What the exercise asks — Set down all of the records exactly.
━━━━━ Records ━━━━━
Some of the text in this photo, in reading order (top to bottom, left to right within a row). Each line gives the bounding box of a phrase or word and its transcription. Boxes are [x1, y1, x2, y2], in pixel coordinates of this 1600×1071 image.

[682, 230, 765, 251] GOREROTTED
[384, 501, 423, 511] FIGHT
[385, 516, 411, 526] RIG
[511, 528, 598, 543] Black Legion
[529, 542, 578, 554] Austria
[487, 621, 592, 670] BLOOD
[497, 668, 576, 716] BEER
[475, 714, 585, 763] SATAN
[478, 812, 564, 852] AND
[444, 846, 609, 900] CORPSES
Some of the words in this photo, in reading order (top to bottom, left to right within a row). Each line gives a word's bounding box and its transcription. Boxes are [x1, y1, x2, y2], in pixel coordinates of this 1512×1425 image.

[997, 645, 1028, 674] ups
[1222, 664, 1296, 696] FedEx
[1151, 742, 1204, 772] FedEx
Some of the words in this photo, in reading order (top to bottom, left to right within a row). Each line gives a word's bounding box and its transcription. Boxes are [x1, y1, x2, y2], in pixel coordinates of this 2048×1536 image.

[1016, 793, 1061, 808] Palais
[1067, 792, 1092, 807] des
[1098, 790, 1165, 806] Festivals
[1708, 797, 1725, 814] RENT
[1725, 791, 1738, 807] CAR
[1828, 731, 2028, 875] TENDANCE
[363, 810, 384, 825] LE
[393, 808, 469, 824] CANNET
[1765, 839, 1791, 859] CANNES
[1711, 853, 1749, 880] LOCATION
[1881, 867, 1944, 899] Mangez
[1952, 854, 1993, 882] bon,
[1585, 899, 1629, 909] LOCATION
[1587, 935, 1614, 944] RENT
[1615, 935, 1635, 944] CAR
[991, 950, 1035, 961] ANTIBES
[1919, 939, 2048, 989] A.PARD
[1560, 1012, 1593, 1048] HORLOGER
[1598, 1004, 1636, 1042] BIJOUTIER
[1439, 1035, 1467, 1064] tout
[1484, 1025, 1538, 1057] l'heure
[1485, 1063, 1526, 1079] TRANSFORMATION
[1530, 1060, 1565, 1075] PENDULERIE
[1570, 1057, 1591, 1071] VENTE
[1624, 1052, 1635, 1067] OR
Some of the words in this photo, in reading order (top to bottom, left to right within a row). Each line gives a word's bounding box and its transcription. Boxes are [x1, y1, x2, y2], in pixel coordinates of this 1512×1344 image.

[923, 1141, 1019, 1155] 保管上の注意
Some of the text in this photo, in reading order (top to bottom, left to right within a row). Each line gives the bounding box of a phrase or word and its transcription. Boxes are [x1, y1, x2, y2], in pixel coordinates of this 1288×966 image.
━━━━━
Solution for this exercise —
Some of the text in this photo, in reading order (top to bottom, left to right within a row). Each line gives the bounding box of a phrase or word and its transcription. Boxes are [x1, y1, x2, y2], in pixel coordinates of this 1600×1071 image.

[682, 230, 765, 251] GOREROTTED
[384, 501, 423, 511] FIGHT
[385, 516, 411, 526] RIG
[511, 528, 598, 543] Black Legion
[529, 542, 578, 554] Austria
[487, 621, 592, 670] BLOOD
[497, 668, 576, 716] BEER
[475, 714, 585, 763] SATAN
[478, 812, 564, 852] AND
[444, 846, 609, 900] CORPSES
Some of the words in this photo, in reading order (top to bottom, left to right within a row). Each line gives a word's bounding box and its transcription. Boxes are [x1, y1, x2, y2], in pixel coordinates of this 1512×1425 image.

[997, 645, 1028, 674] ups
[1222, 664, 1296, 696] FedEx
[1151, 742, 1204, 772] FedEx
Some of the words in this photo, in reading order (top to bottom, left to right within a row). Each line gives a word's bounding box and its transcription. Boxes are [x1, y1, x2, y2], in pixel coordinates of this 2048×1536 image.

[1016, 793, 1061, 808] Palais
[1067, 792, 1092, 807] des
[1098, 790, 1165, 806] Festivals
[1708, 797, 1725, 814] RENT
[1725, 791, 1738, 807] CAR
[1828, 731, 2028, 875] TENDANCE
[363, 810, 384, 825] LE
[393, 808, 469, 824] CANNET
[1765, 839, 1791, 859] CANNES
[1711, 853, 1749, 880] LOCATION
[1881, 867, 1944, 899] Mangez
[1952, 854, 1993, 882] bon,
[1585, 899, 1629, 909] LOCATION
[1587, 935, 1614, 944] RENT
[1615, 935, 1635, 944] CAR
[991, 950, 1035, 961] ANTIBES
[1919, 939, 2048, 989] A.PARD
[1560, 1012, 1593, 1048] HORLOGER
[1598, 1004, 1636, 1042] BIJOUTIER
[1439, 1035, 1467, 1064] tout
[1484, 1025, 1538, 1057] l'heure
[1485, 1063, 1526, 1079] TRANSFORMATION
[1530, 1060, 1565, 1075] PENDULERIE
[1570, 1057, 1591, 1071] VENTE
[1624, 1052, 1635, 1067] OR
Some of the words in this photo, in reading order (top to bottom, left to right within a row). Each line gives a word's bounding box and its transcription. Boxes are [x1, y1, x2, y2], in pixel coordinates of this 1512×1344 image.

[923, 1141, 1019, 1155] 保管上の注意
Some of the text in this photo, in reading order (top to bottom, left to right within a row). Each line gives the bounding box of a phrase or word and its transcription. Boxes are [x1, y1, x2, y2], in pixel coordinates of this 1288×966 image.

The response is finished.